**GIVEN DATA**

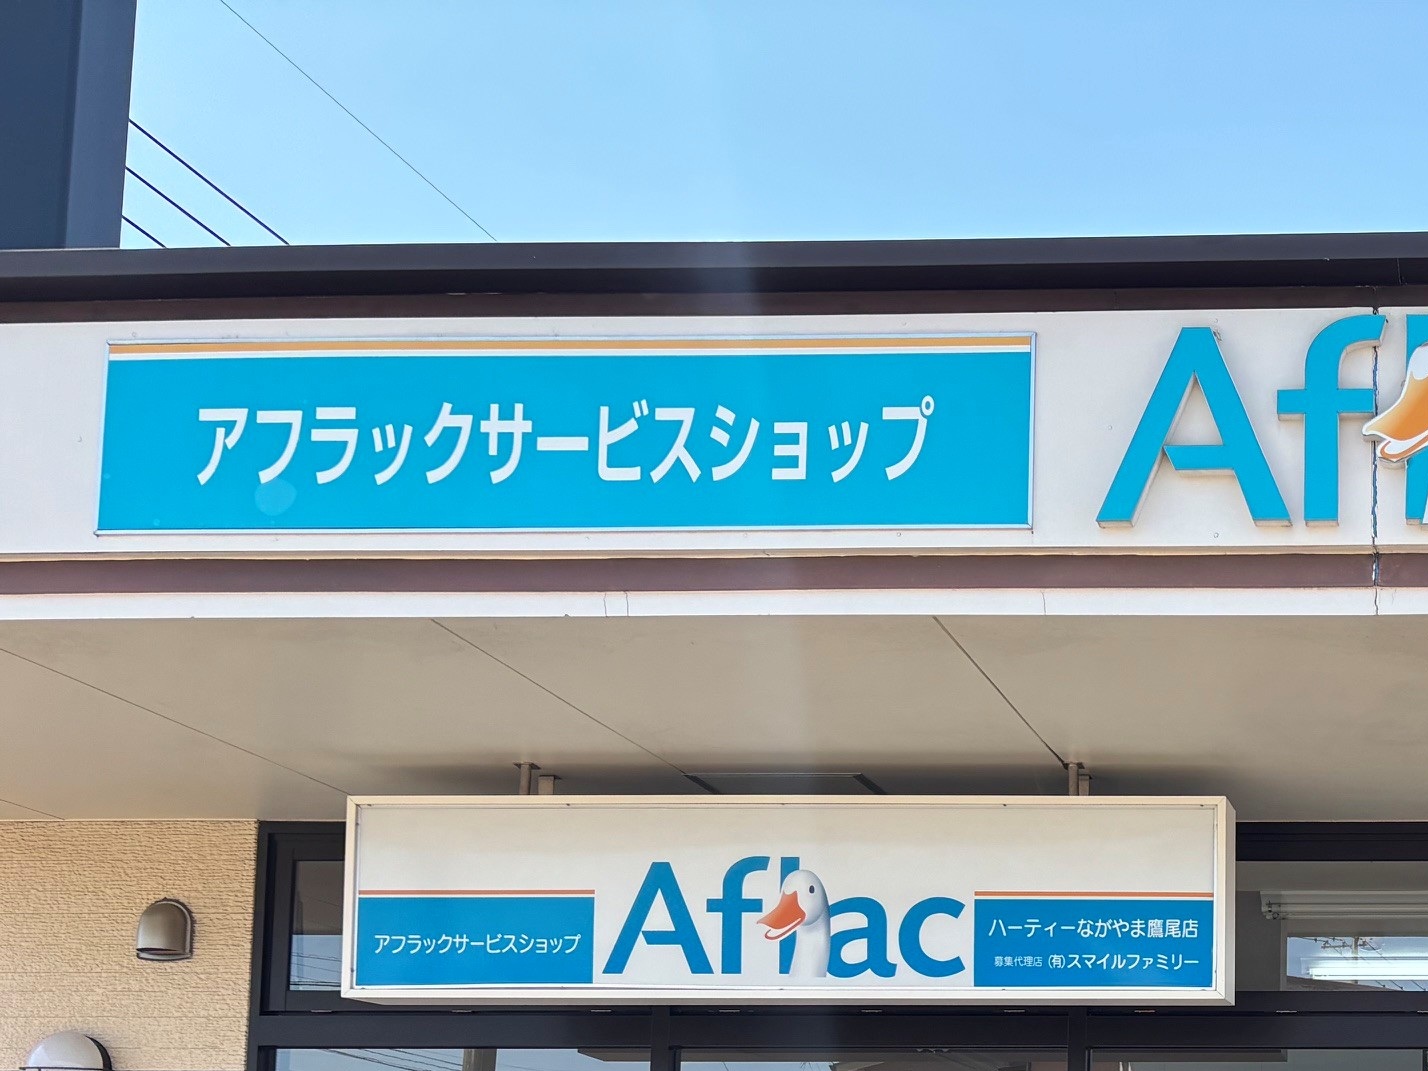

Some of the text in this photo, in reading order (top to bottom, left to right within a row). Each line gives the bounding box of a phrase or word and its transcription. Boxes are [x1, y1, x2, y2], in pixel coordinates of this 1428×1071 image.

[196, 394, 937, 486] アフラックサービスショップ
[988, 918, 1200, 939] ハーティーながやま鷹尾店
[374, 929, 582, 957] アフラックサービスショップ
[993, 956, 1043, 968] 募集代理店
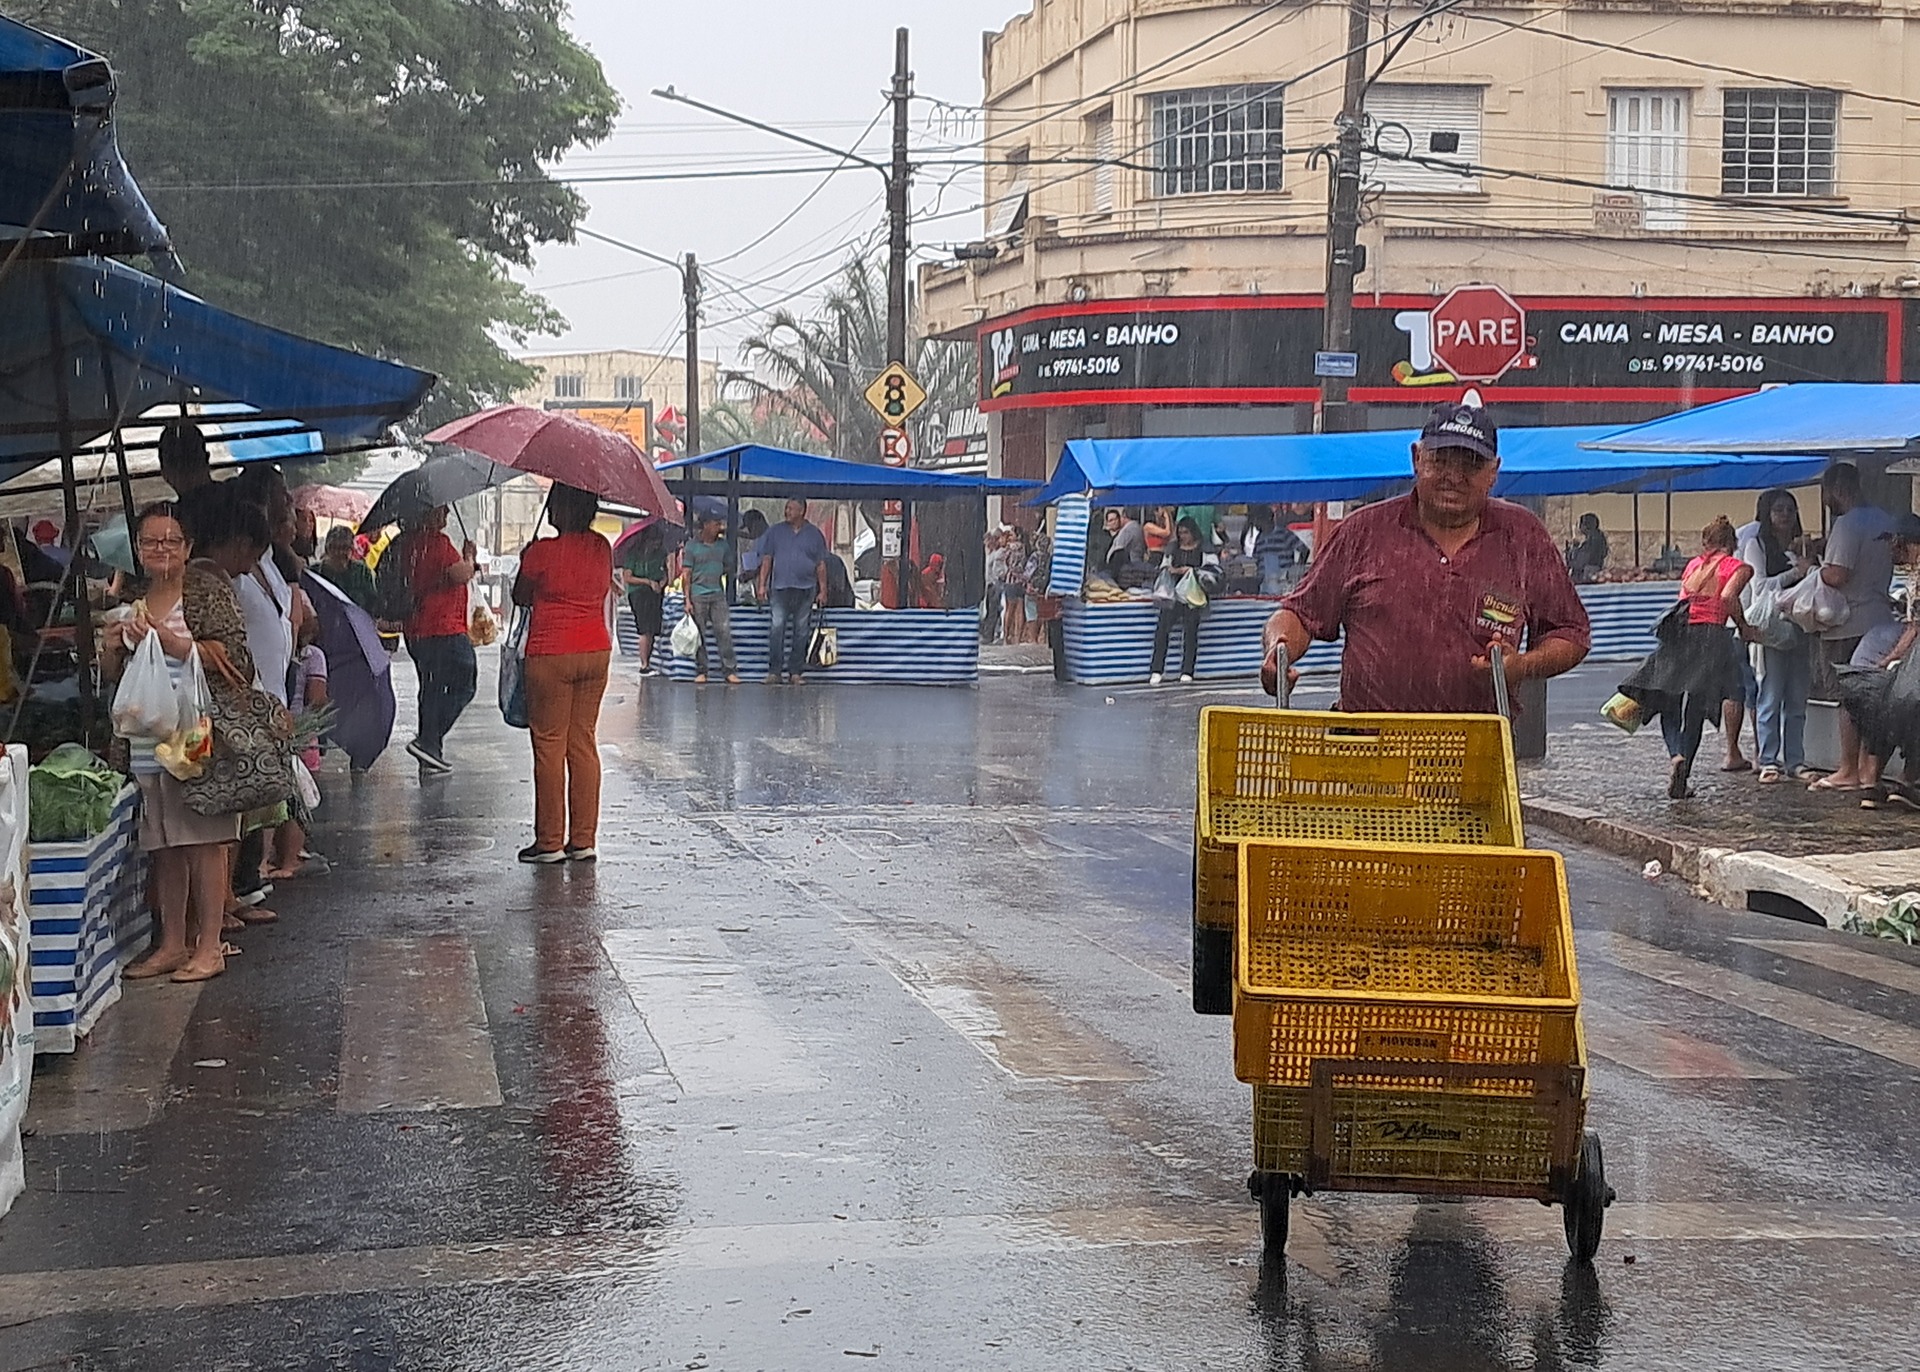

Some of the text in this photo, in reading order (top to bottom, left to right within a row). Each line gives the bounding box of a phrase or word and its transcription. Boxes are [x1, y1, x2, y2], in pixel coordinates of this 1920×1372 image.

[1049, 327, 1086, 349] MESA
[1105, 323, 1179, 346] BANHO
[1436, 318, 1520, 348] PARE
[1559, 322, 1630, 343] CAMA
[1657, 323, 1724, 344] MESA
[1751, 324, 1835, 344] BANHO
[1052, 355, 1121, 377] 99741-5016
[1662, 354, 1765, 372] 99741-5016

**DIRECTIONS**
When you copy the records above, keep every word exact and drop the pictures.

**WRITTEN ANSWER**
Some of the text in this photo, in reading order (top to bottom, left to right within a row). Each line gives the bounding box of a phrase or word and its transcription. Boxes are [x1, y1, x2, y2], in pixel coordinates of this 1428×1071 image.

[196, 394, 937, 486] アフラックサービスショップ
[988, 918, 1200, 939] ハーティーながやま鷹尾店
[374, 929, 582, 957] アフラックサービスショップ
[993, 956, 1043, 968] 募集代理店

Some of the text in this photo, in reading order (top to bottom, left to right within a row). Each line gives the bounding box of a phrase or word and its transcription. Boxes are [x1, y1, x2, y2], in pixel coordinates of this 1920×1372 image.

[1049, 327, 1086, 349] MESA
[1105, 323, 1179, 346] BANHO
[1436, 318, 1520, 348] PARE
[1559, 322, 1630, 343] CAMA
[1657, 323, 1724, 344] MESA
[1751, 324, 1835, 344] BANHO
[1052, 355, 1121, 377] 99741-5016
[1662, 354, 1765, 372] 99741-5016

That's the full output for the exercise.